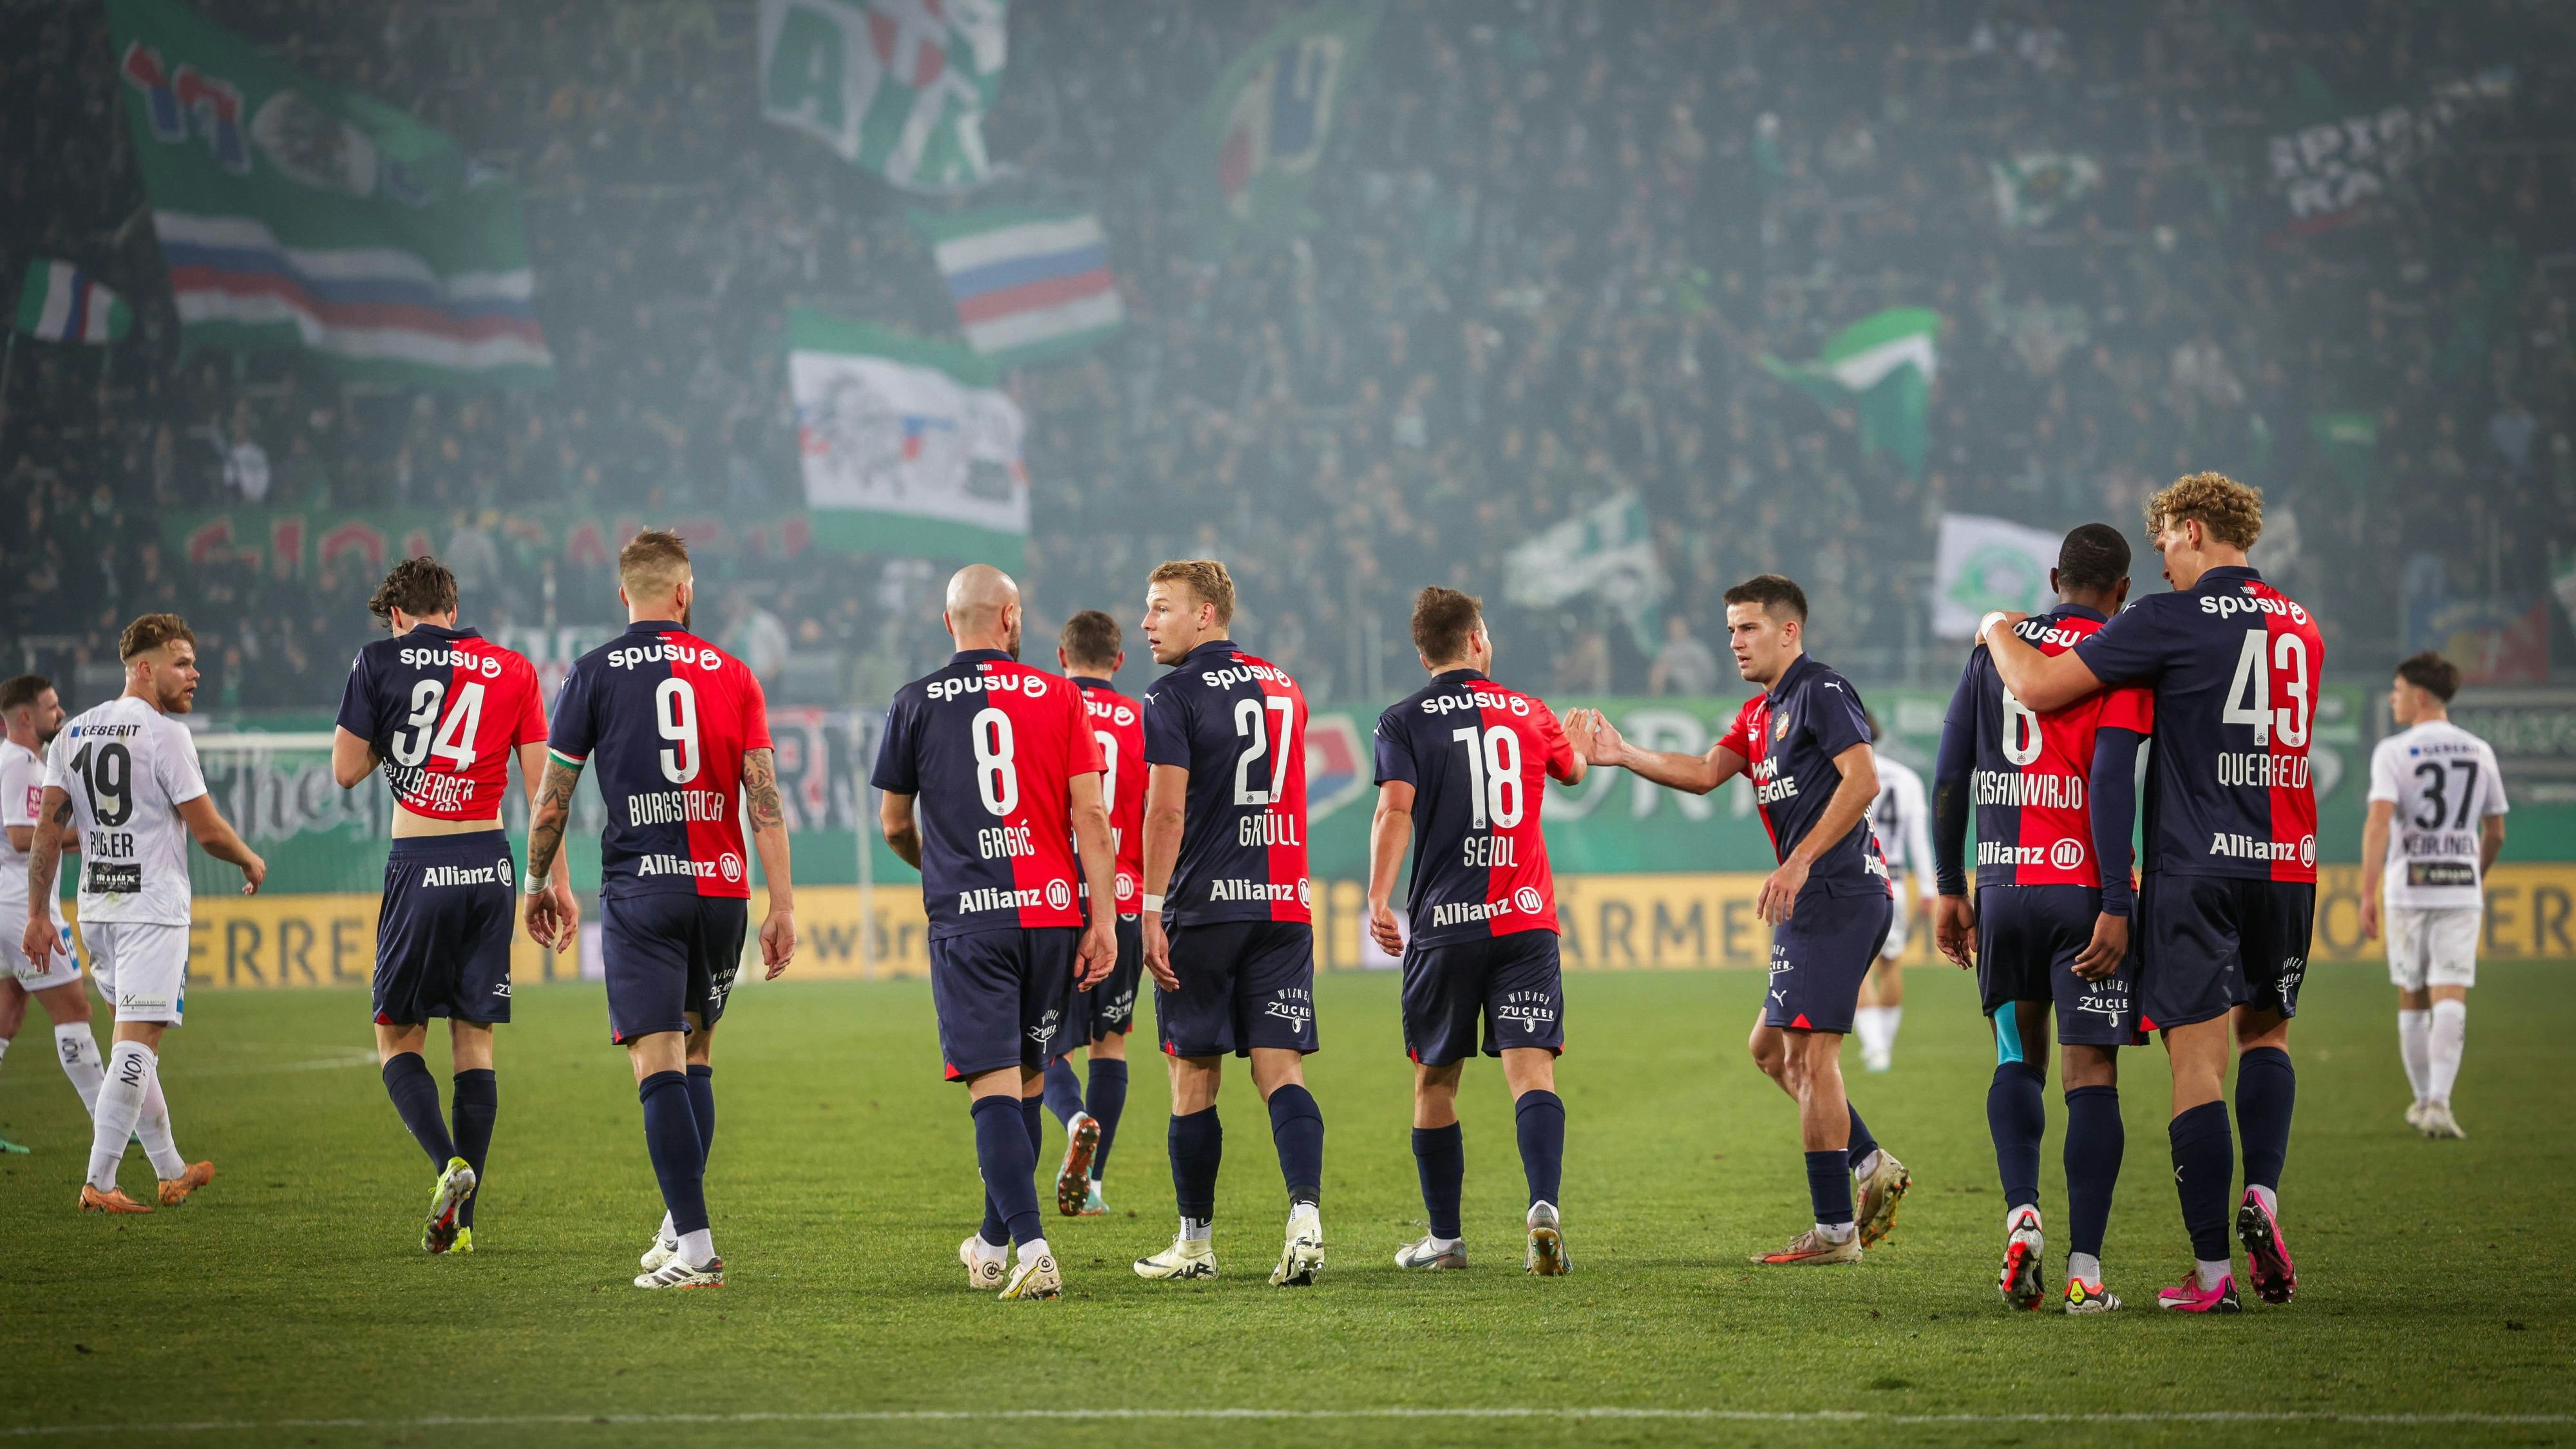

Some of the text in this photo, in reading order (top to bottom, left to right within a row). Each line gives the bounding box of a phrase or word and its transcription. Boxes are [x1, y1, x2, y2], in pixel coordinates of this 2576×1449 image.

[2200, 596, 2287, 619] spusu
[2013, 620, 2081, 647] pusu
[400, 648, 478, 670] spusu
[607, 645, 696, 670] spusu
[927, 674, 1019, 702] spusu
[1202, 665, 1273, 690] spusu
[2222, 629, 2309, 748] 43
[1421, 692, 1506, 715] spusu
[82, 724, 140, 737] GEBERIT
[392, 679, 485, 773] 34
[656, 677, 700, 784] 9
[972, 707, 1019, 817] 8
[1234, 696, 1294, 806] 27
[1453, 725, 1524, 829] 18
[2218, 752, 2309, 789] QUERFELD
[70, 742, 133, 828] 19
[2415, 760, 2478, 831] 37
[978, 819, 1035, 860] GRGIĆ
[1239, 808, 1300, 847] GRÜLL
[1463, 836, 1519, 867] SEIDL
[1977, 841, 2045, 867] Allianz
[2210, 832, 2295, 861] Allianz
[422, 866, 495, 887] Allianz
[638, 854, 716, 878] Allianz
[959, 887, 1042, 914] Allianz
[1209, 878, 1294, 902] Allianz
[1433, 898, 1512, 927] Allianz
[1508, 990, 1550, 1005] WIENER
[1498, 1005, 1555, 1021] ZUCKER

◆ ◆ ◆

What you should do: Transcribe the records above exactly, omitting every picture they contain.

Result for this exercise:
Some of the text in this photo, in reading order (top to bottom, left to right within a row). Each line gives the bounding box of a phrase or word and its transcription. Boxes are [x1, y1, x2, y2], in pixel coordinates of this 2576×1449 image.

[2200, 596, 2287, 619] spusu
[2013, 620, 2081, 647] pusu
[400, 648, 478, 670] spusu
[607, 645, 696, 670] spusu
[927, 674, 1019, 702] spusu
[1202, 665, 1273, 690] spusu
[2222, 629, 2309, 748] 43
[1421, 692, 1506, 715] spusu
[82, 724, 140, 737] GEBERIT
[392, 679, 485, 773] 34
[656, 677, 700, 784] 9
[972, 707, 1019, 817] 8
[1234, 696, 1294, 806] 27
[1453, 725, 1524, 829] 18
[2218, 752, 2309, 789] QUERFELD
[70, 742, 133, 828] 19
[2415, 760, 2478, 831] 37
[978, 819, 1035, 860] GRGIĆ
[1239, 808, 1300, 847] GRÜLL
[1463, 836, 1519, 867] SEIDL
[1977, 841, 2045, 867] Allianz
[2210, 832, 2295, 861] Allianz
[422, 866, 495, 887] Allianz
[638, 854, 716, 878] Allianz
[959, 887, 1042, 914] Allianz
[1209, 878, 1294, 902] Allianz
[1433, 898, 1512, 927] Allianz
[1508, 990, 1550, 1005] WIENER
[1498, 1005, 1555, 1021] ZUCKER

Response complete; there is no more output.